An awkward silence followed momentarily. The women didn’t look at each other or laughed this time.

Deric immediately felt the unease and went on, ‘When I got there she uttered a few confusing sentences and died moments later. The girl who phoned - a Mila Jordan - hadn’t had the faintest idea why she wanted to talk to me, or what she meant.’

‘This Mila Jordan family of hers?’ Doc asked as he bade them to sit down.

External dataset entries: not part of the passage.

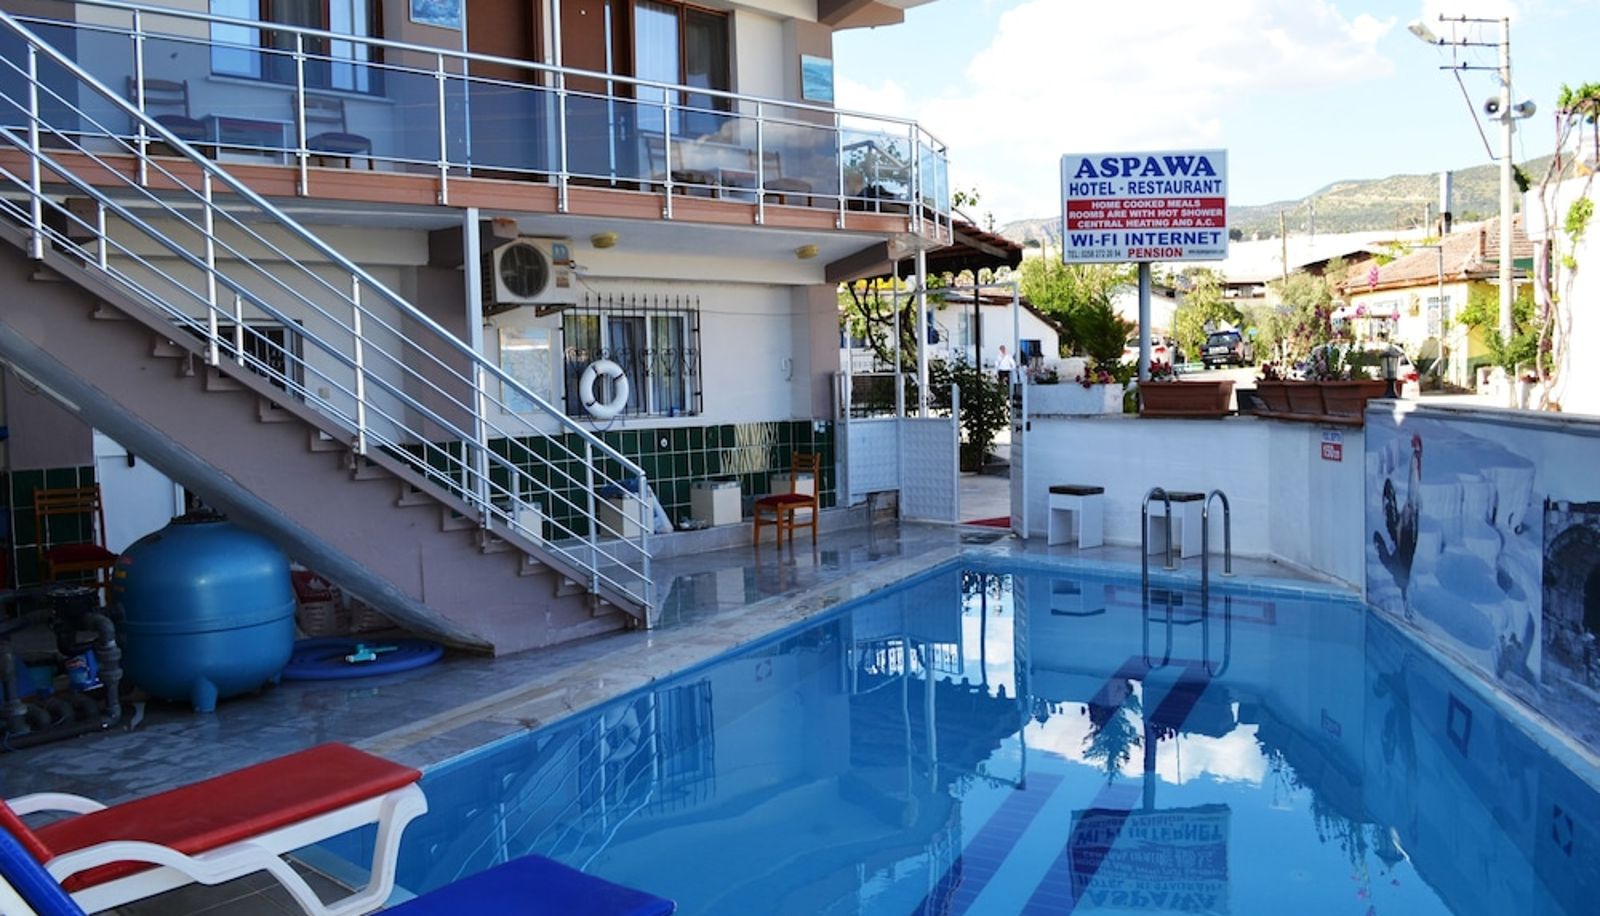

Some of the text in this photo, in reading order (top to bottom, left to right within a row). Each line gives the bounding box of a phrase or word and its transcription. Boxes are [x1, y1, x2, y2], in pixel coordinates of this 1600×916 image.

[1074, 156, 1217, 179] ASPAWA
[1069, 182, 1116, 196] HOTEL
[1127, 180, 1222, 194] RESTAURANT
[1091, 199, 1201, 209] HOME COOKED MEALS
[1069, 208, 1224, 219] ROOMS ARE WITH HOT SHOWER
[1077, 218, 1216, 228] CENTRAL HEATING AND A.C.
[1071, 232, 1222, 247] WI-FI INTERNET
[1127, 248, 1183, 258] PENSION

‘No, according to her, this Brenda Blignaut - the woman who died - had no family, or at least, no close family. This Jordan girl’s a pre-med student who lived with her for the last two years. The two of them grew close. Brenda Blignaut had cancer, and Miss Jordan was looking after her whenever she could. Anyway, to make a long story short, Brenda Blignaut said some weird things to me and then she died on me before finishing whatever she was trying to say.’